Required work: Repeat the data word for word, excluding every picture.

Records to use:
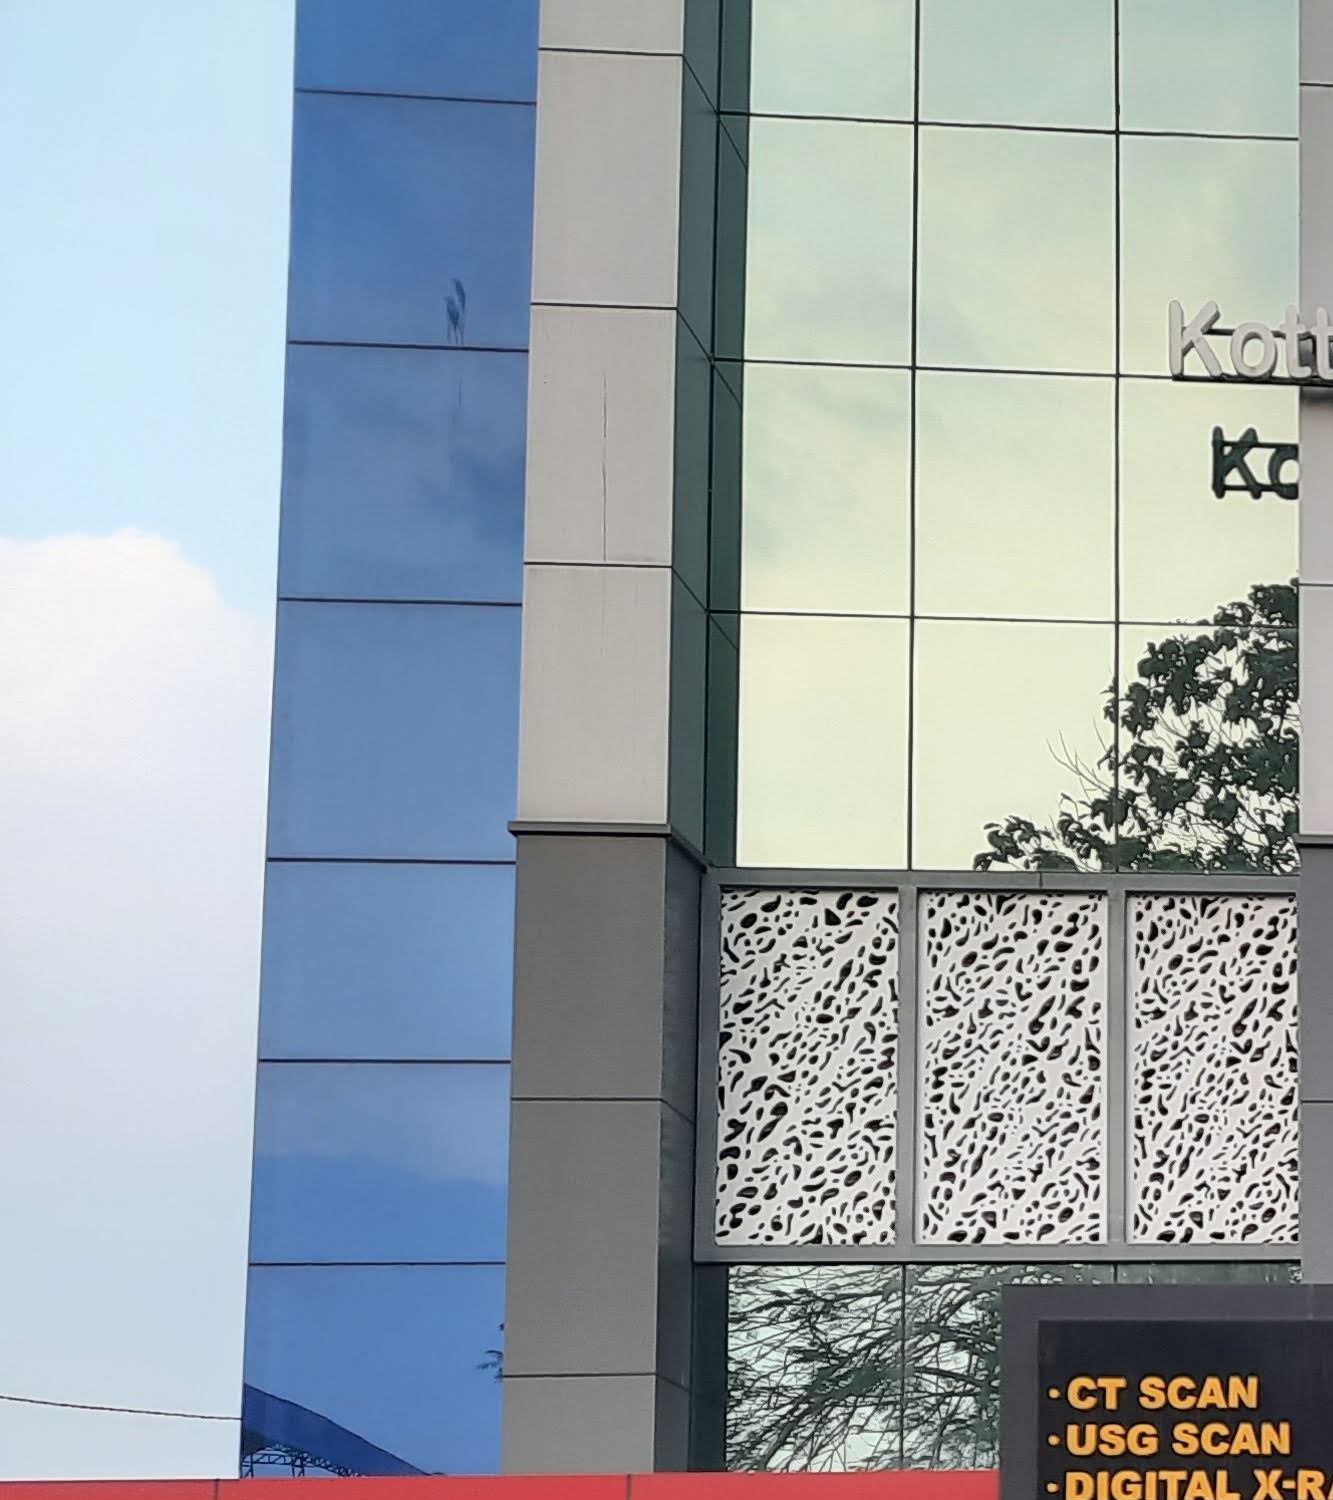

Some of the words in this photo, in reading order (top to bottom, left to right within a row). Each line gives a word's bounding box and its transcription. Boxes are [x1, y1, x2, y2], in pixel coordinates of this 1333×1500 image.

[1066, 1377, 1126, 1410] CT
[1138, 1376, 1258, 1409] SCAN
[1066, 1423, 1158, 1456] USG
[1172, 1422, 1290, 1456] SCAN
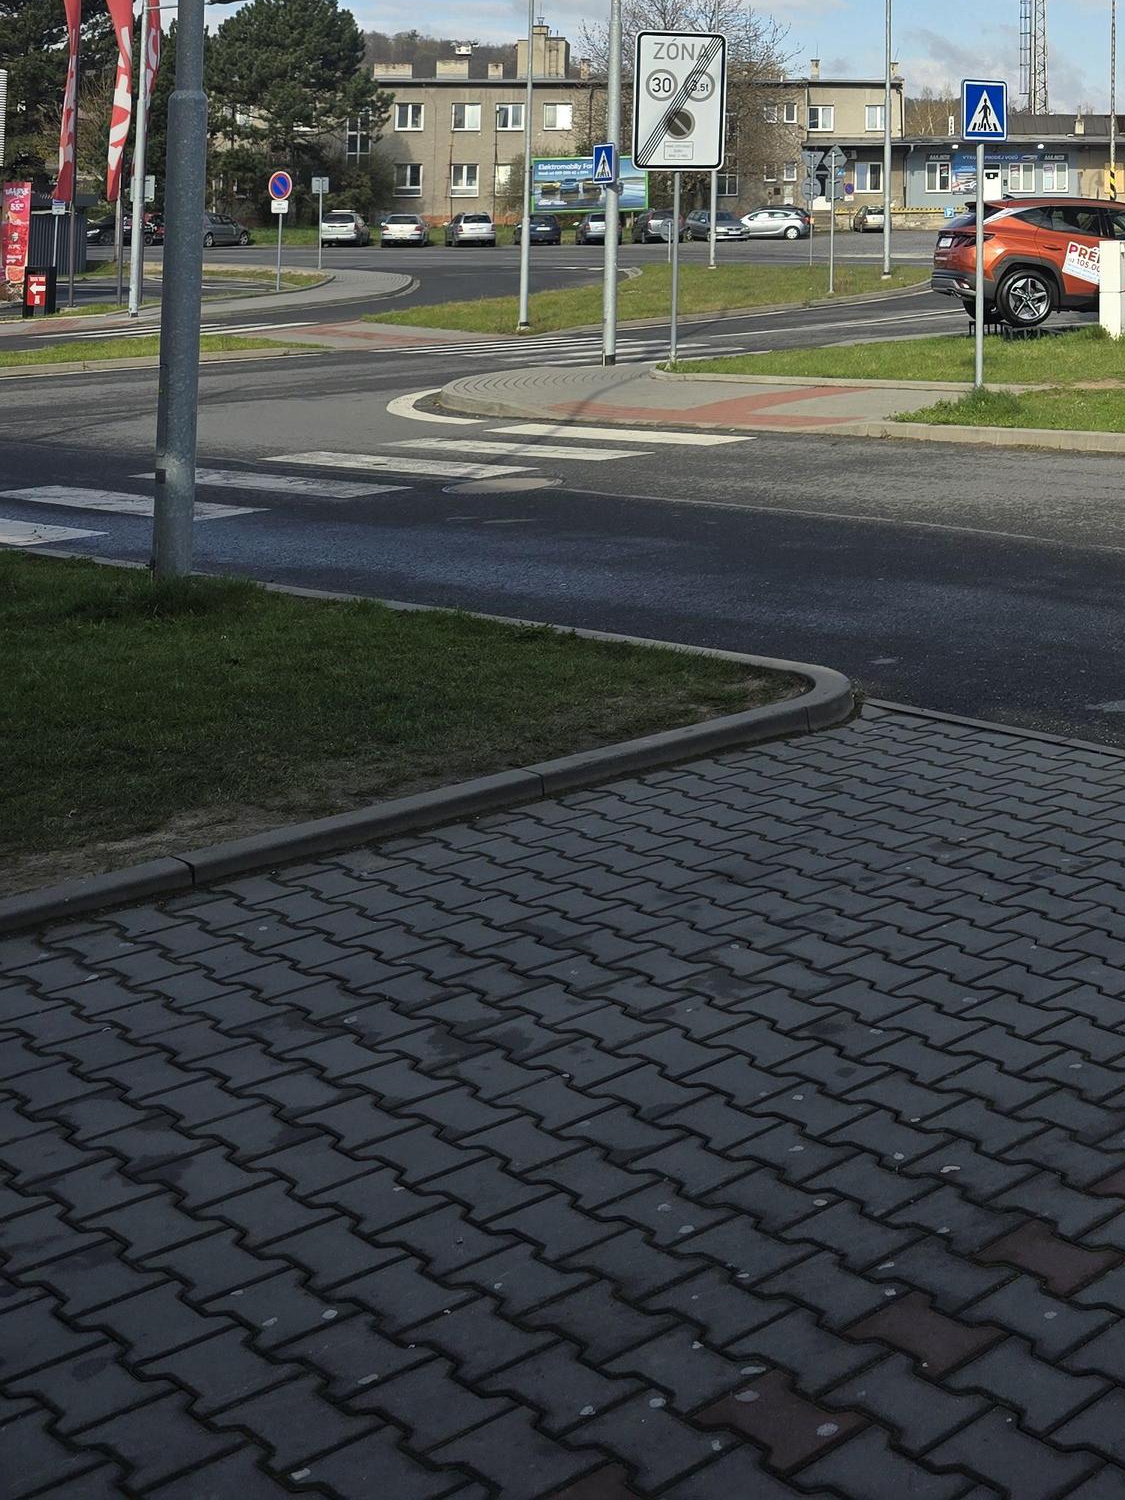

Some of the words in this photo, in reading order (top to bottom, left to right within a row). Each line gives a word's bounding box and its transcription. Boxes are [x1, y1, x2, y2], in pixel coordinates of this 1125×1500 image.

Expected answer:
Some of the words in this photo, in reading order (top to bottom, left to right within a row). Each line gives a word's bounding box and its transcription. Boxes are [x1, y1, x2, y2], in pixel coordinates of this 1333×1500 image.

[1066, 1377, 1126, 1410] CT
[1138, 1376, 1258, 1409] SCAN
[1066, 1423, 1158, 1456] USG
[1172, 1422, 1290, 1456] SCAN

Some of the words in this photo, in reading order (top to bottom, left to right within a row). Each line gives a word's bounding box and its transcription. Boxes are [x1, y1, x2, y2], in pixel coordinates of this 1125×1500 image.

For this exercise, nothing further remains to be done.